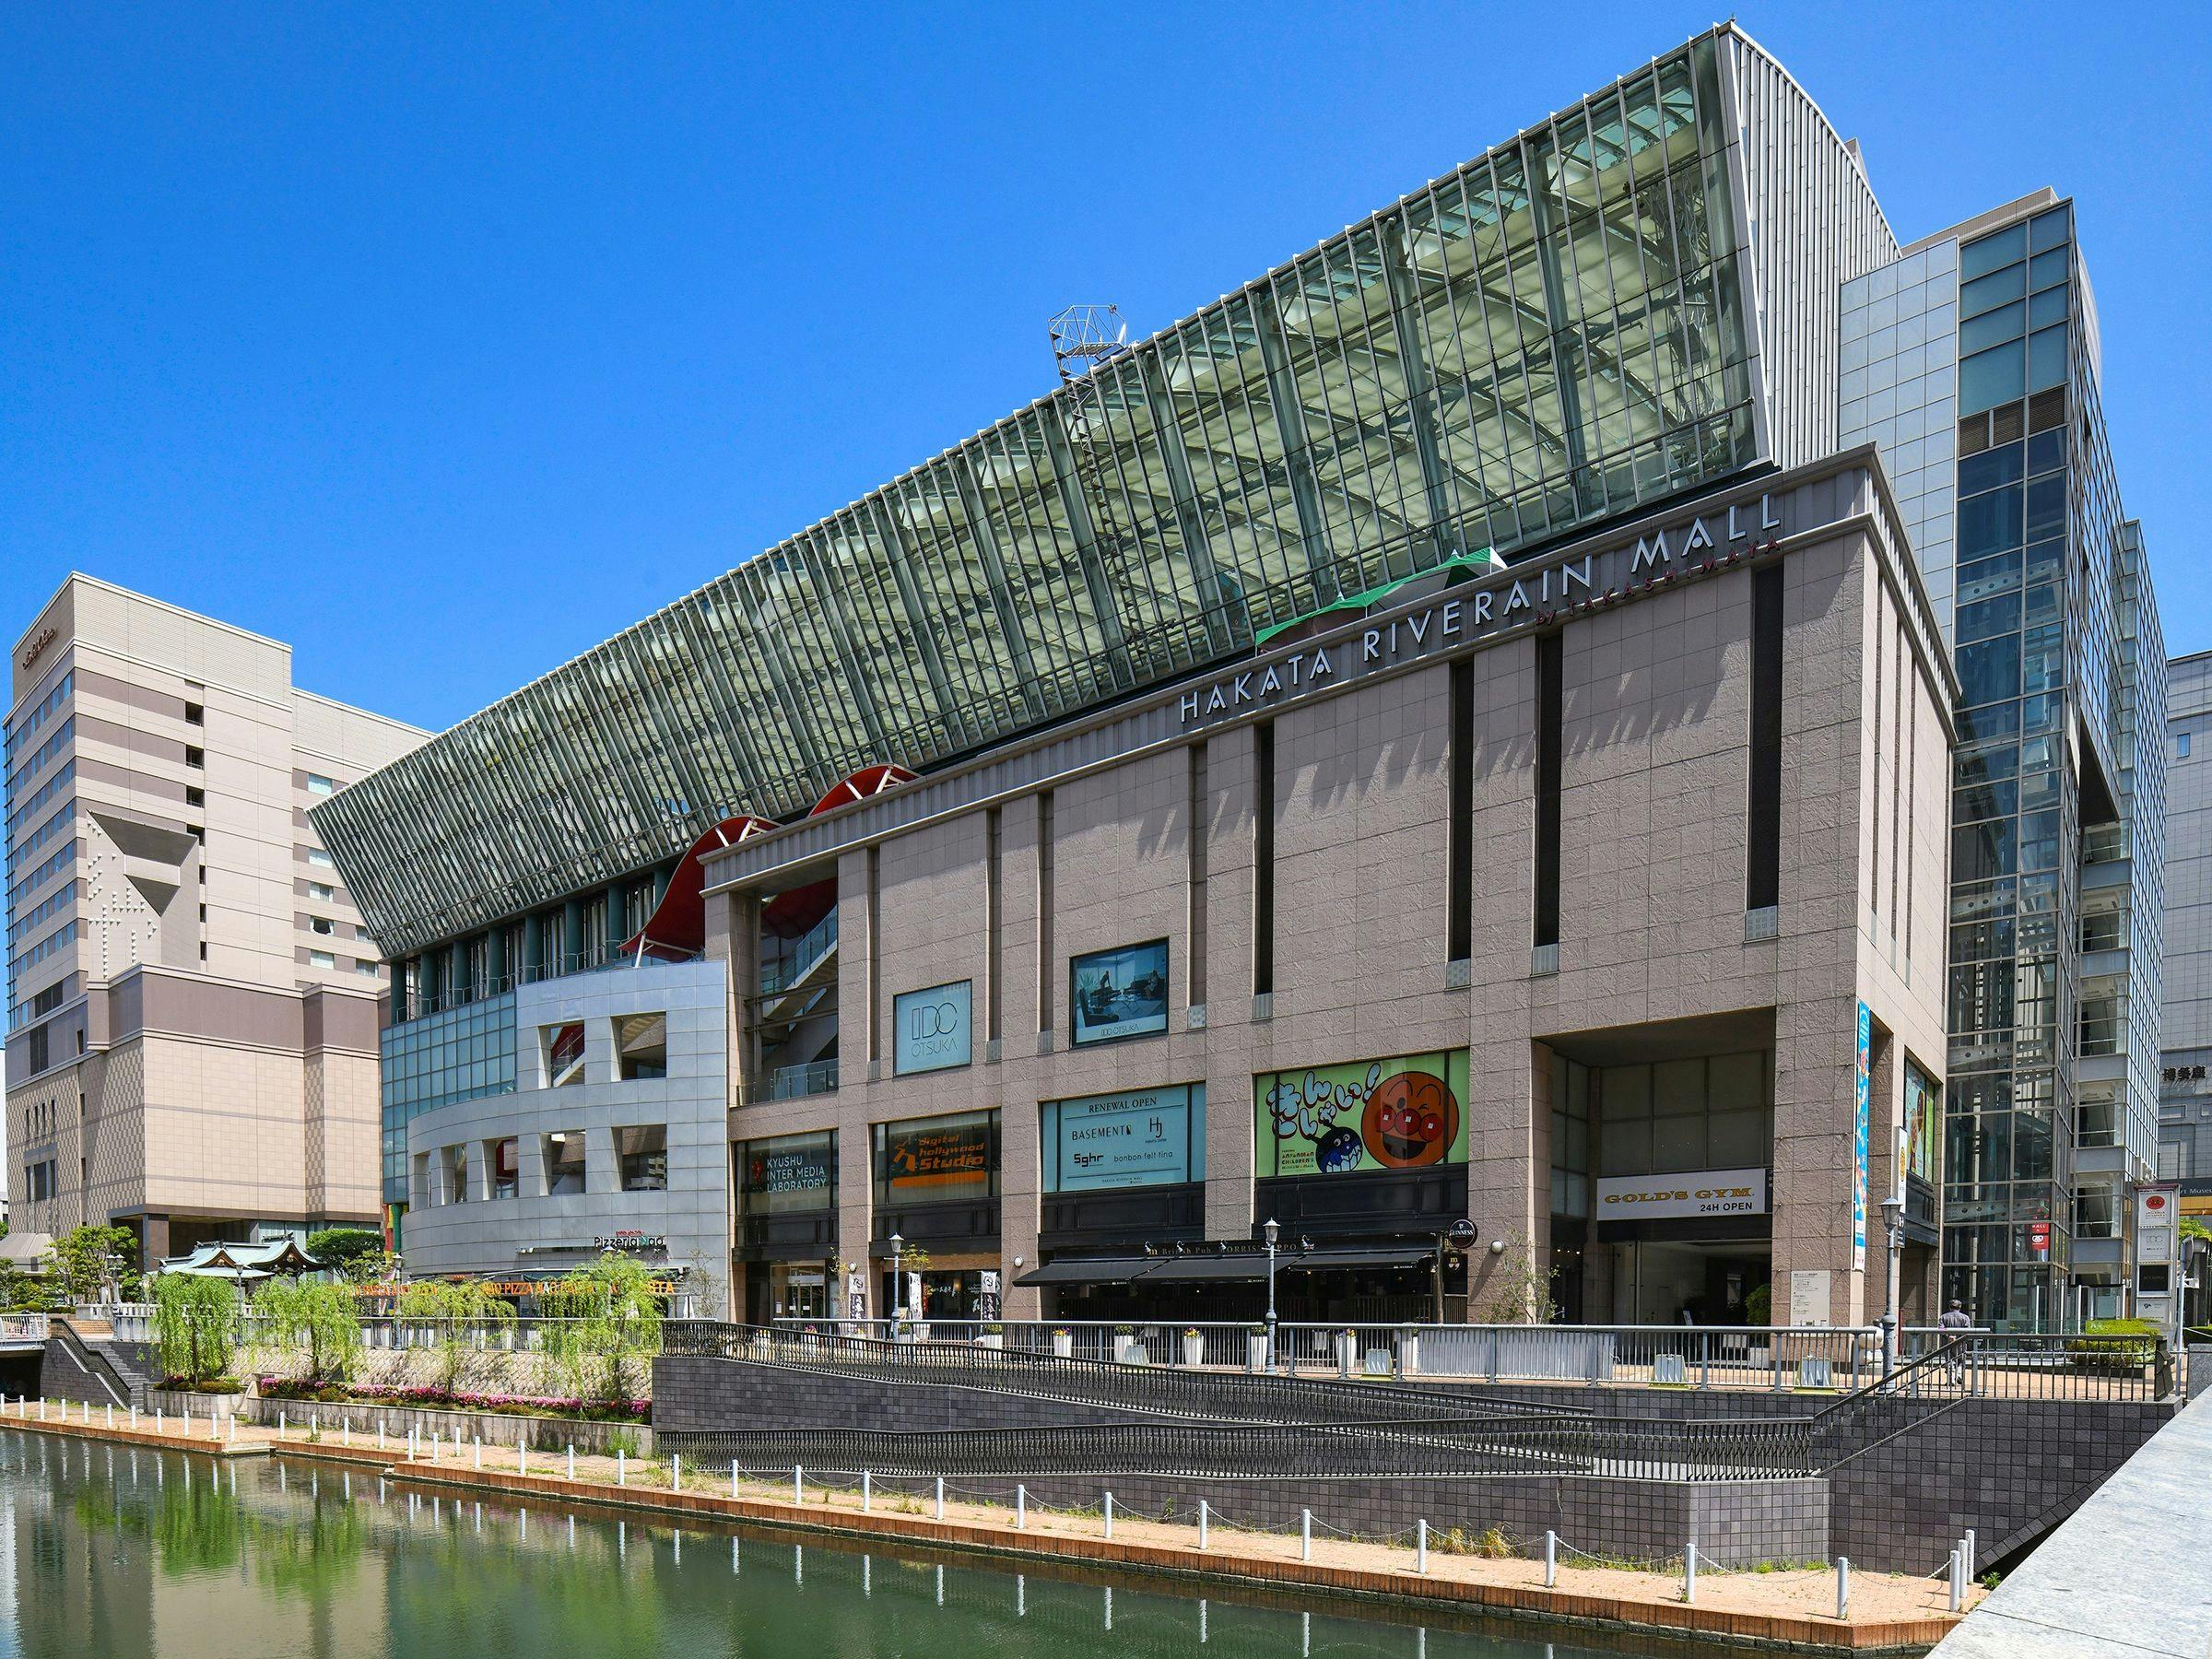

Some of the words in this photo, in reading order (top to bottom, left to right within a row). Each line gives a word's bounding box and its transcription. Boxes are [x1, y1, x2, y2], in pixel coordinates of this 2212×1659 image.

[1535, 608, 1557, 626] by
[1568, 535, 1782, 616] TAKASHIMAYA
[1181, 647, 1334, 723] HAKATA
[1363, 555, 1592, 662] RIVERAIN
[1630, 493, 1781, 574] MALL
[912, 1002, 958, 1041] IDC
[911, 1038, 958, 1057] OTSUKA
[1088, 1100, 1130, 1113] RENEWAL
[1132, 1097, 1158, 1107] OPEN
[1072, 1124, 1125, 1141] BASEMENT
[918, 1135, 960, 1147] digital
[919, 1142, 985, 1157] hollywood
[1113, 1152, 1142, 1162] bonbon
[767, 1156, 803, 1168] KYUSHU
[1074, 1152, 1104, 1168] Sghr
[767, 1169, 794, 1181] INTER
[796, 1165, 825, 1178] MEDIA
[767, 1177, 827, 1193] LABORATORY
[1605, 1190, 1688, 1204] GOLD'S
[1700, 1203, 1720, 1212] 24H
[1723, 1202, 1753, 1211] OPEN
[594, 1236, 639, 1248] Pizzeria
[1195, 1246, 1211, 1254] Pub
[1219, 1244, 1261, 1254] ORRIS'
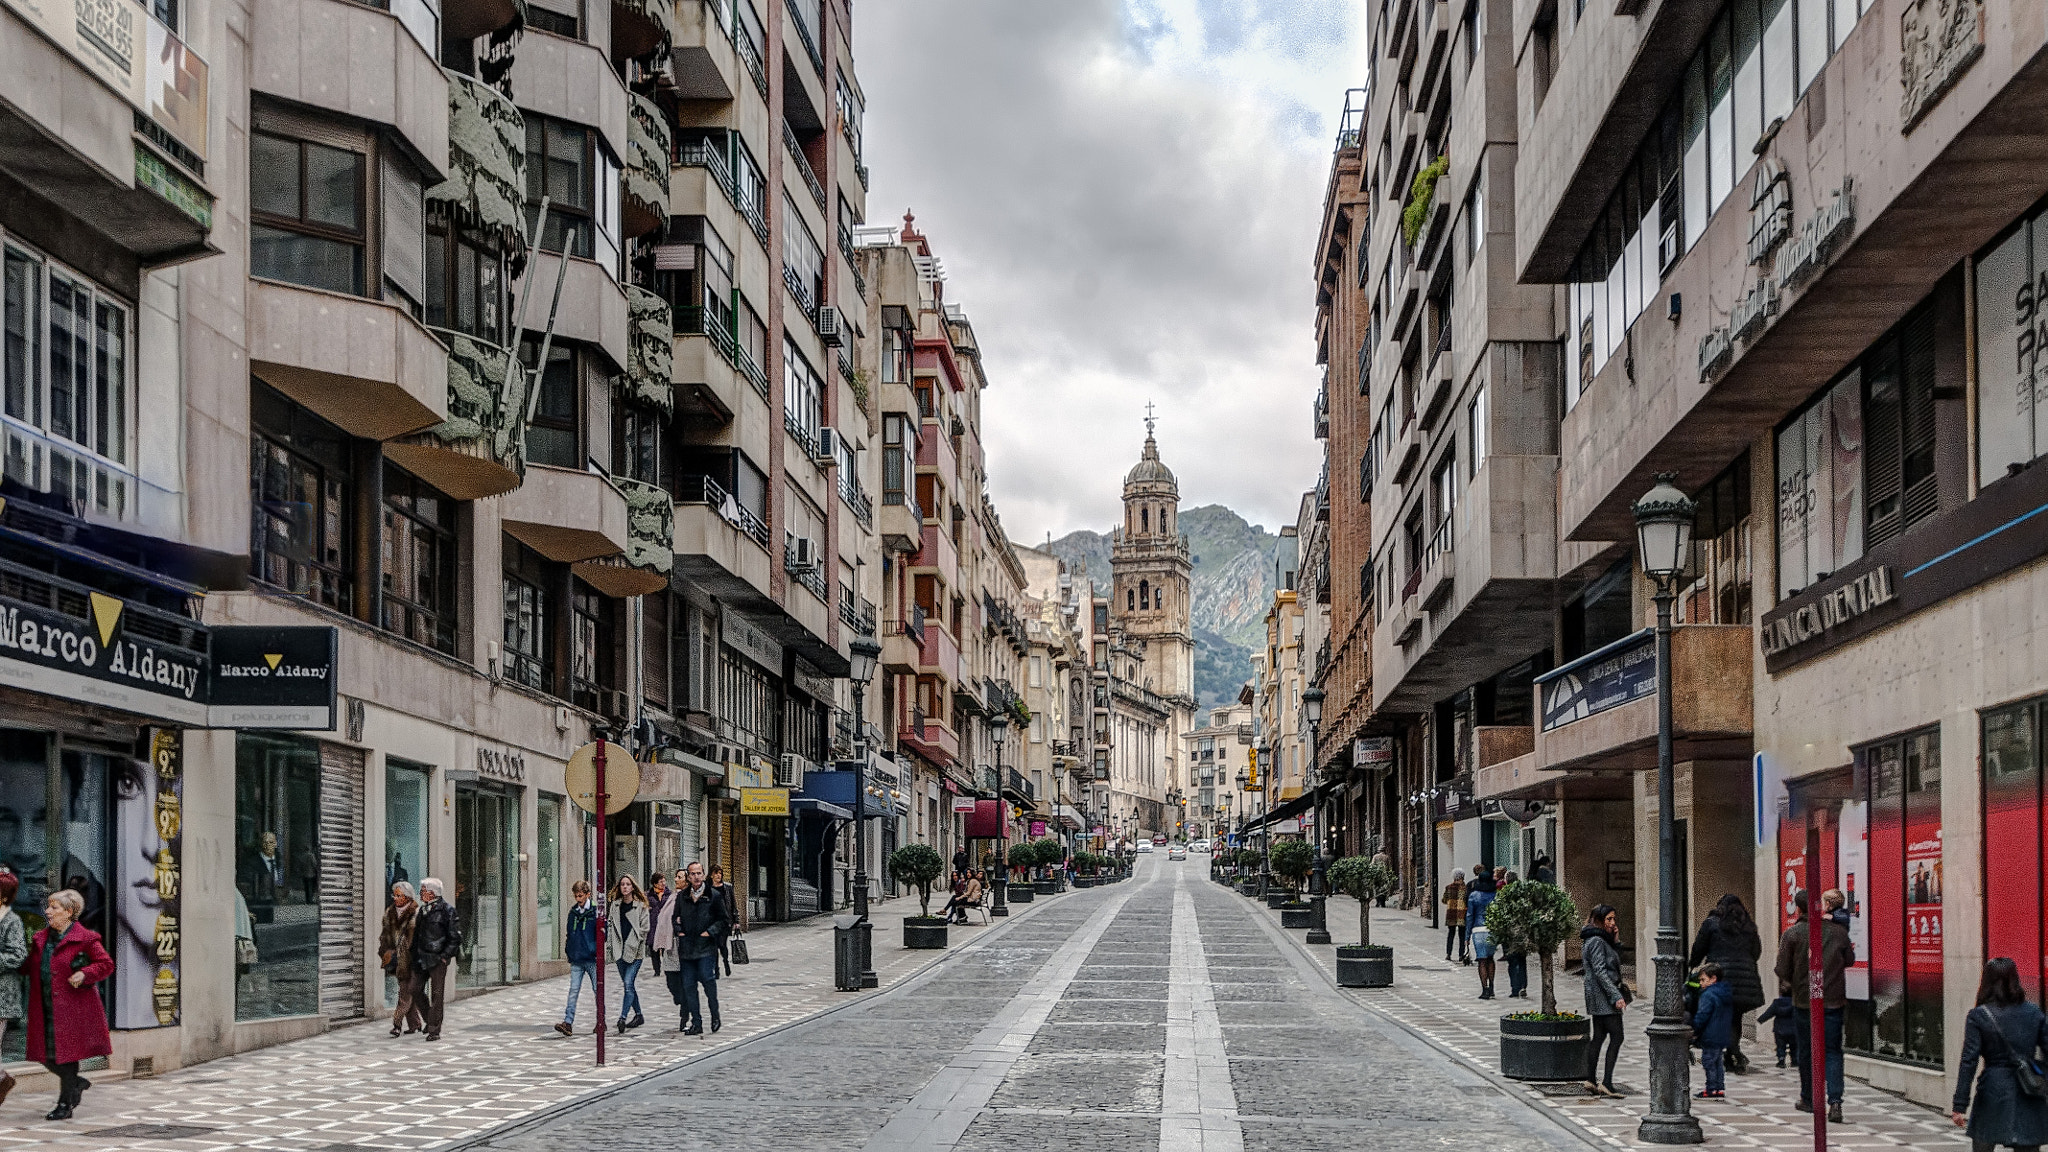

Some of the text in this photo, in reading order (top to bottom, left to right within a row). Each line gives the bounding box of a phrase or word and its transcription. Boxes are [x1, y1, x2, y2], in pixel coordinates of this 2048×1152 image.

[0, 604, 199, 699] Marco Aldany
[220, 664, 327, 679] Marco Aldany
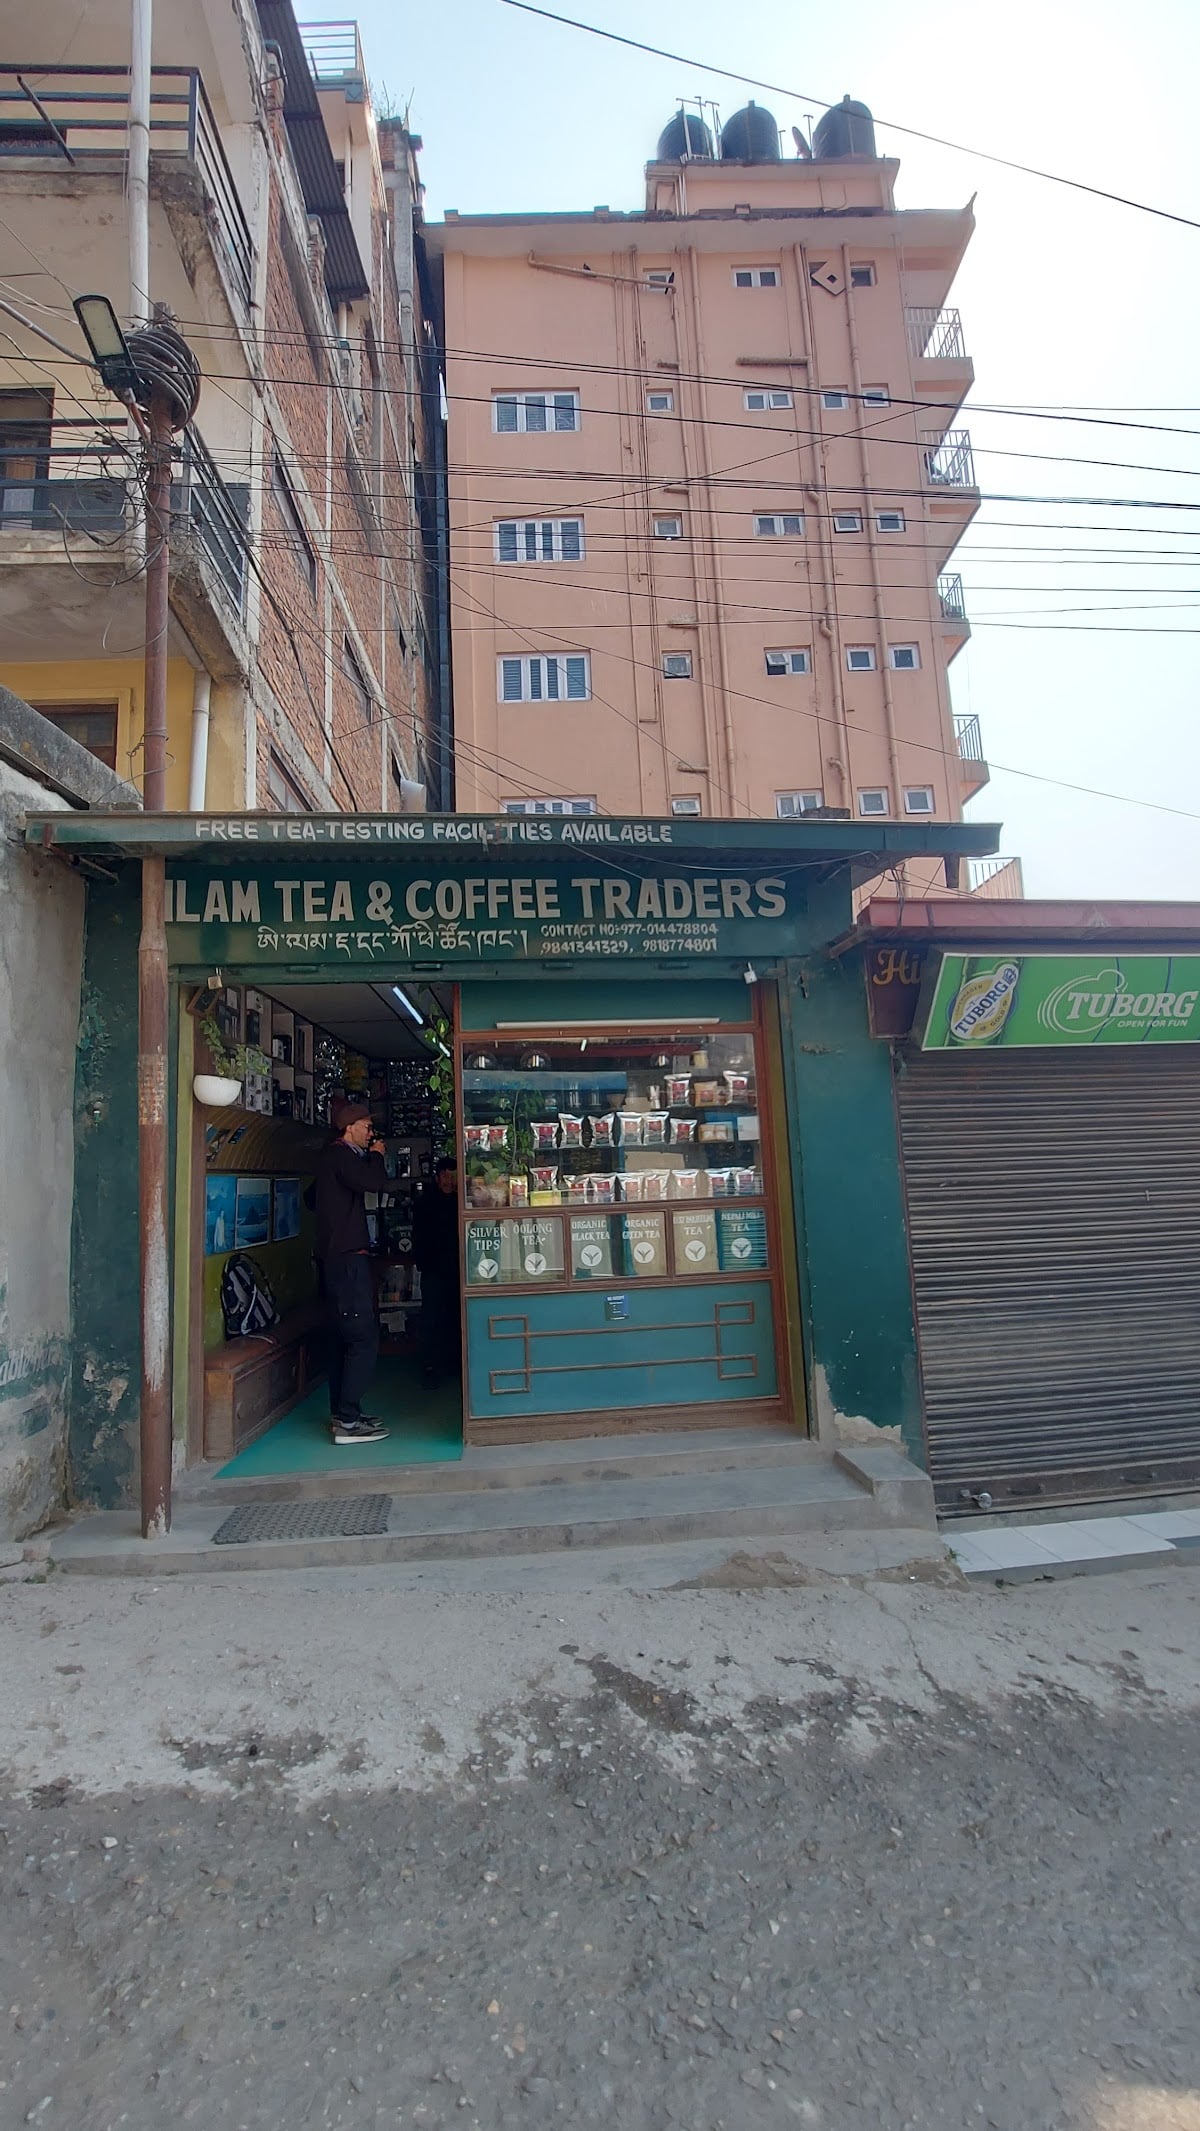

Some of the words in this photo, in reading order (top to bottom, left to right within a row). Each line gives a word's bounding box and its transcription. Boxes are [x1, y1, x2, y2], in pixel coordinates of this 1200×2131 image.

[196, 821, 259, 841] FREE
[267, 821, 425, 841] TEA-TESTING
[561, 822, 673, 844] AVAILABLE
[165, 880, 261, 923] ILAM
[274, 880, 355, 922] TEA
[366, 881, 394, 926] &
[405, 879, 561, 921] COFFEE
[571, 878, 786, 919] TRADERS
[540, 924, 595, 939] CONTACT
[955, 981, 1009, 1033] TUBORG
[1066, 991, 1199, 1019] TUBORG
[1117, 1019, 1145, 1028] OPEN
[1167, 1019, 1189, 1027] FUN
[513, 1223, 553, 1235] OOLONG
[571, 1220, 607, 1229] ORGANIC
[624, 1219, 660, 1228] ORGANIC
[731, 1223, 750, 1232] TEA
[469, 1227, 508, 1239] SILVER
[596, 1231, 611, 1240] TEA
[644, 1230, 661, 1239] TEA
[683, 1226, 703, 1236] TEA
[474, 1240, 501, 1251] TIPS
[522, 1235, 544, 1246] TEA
____
PROBLEM STATEMENT
Retype every record above word for word, leaving out any pictures.

SOLUTION BELOW
Some of the words in this photo, in reading order (top to bottom, left to right within a row). Each line gives a word's bounding box and its transcription. Boxes are [x1, y1, x2, y2], in pixel coordinates of this 2212×1659 image.

[1535, 608, 1557, 626] by
[1568, 535, 1782, 616] TAKASHIMAYA
[1181, 647, 1334, 723] HAKATA
[1363, 555, 1592, 662] RIVERAIN
[1630, 493, 1781, 574] MALL
[912, 1002, 958, 1041] IDC
[911, 1038, 958, 1057] OTSUKA
[1088, 1100, 1130, 1113] RENEWAL
[1132, 1097, 1158, 1107] OPEN
[1072, 1124, 1125, 1141] BASEMENT
[918, 1135, 960, 1147] digital
[919, 1142, 985, 1157] hollywood
[1113, 1152, 1142, 1162] bonbon
[767, 1156, 803, 1168] KYUSHU
[1074, 1152, 1104, 1168] Sghr
[767, 1169, 794, 1181] INTER
[796, 1165, 825, 1178] MEDIA
[767, 1177, 827, 1193] LABORATORY
[1605, 1190, 1688, 1204] GOLD'S
[1700, 1203, 1720, 1212] 24H
[1723, 1202, 1753, 1211] OPEN
[594, 1236, 639, 1248] Pizzeria
[1195, 1246, 1211, 1254] Pub
[1219, 1244, 1261, 1254] ORRIS'

Some of the text in this photo, in reading order (top to bottom, left to right within a row). Each line gives the bounding box of a phrase or word and its transcription. Boxes are [x1, y1, x2, y2], in pixel coordinates of this 2048×1152 image.

[0, 604, 199, 699] Marco Aldany
[220, 664, 327, 679] Marco Aldany

Some of the words in this photo, in reading order (top to bottom, left to right within a row). Each line gives a word's bounding box and its transcription. Boxes are [x1, y1, x2, y2], in pixel coordinates of this 1200×2131 image.

[196, 821, 259, 841] FREE
[267, 821, 425, 841] TEA-TESTING
[561, 822, 673, 844] AVAILABLE
[165, 880, 261, 923] ILAM
[274, 880, 355, 922] TEA
[366, 881, 394, 926] &
[405, 879, 561, 921] COFFEE
[571, 878, 786, 919] TRADERS
[540, 924, 595, 939] CONTACT
[955, 981, 1009, 1033] TUBORG
[1066, 991, 1199, 1019] TUBORG
[1117, 1019, 1145, 1028] OPEN
[1167, 1019, 1189, 1027] FUN
[513, 1223, 553, 1235] OOLONG
[571, 1220, 607, 1229] ORGANIC
[624, 1219, 660, 1228] ORGANIC
[731, 1223, 750, 1232] TEA
[469, 1227, 508, 1239] SILVER
[596, 1231, 611, 1240] TEA
[644, 1230, 661, 1239] TEA
[683, 1226, 703, 1236] TEA
[474, 1240, 501, 1251] TIPS
[522, 1235, 544, 1246] TEA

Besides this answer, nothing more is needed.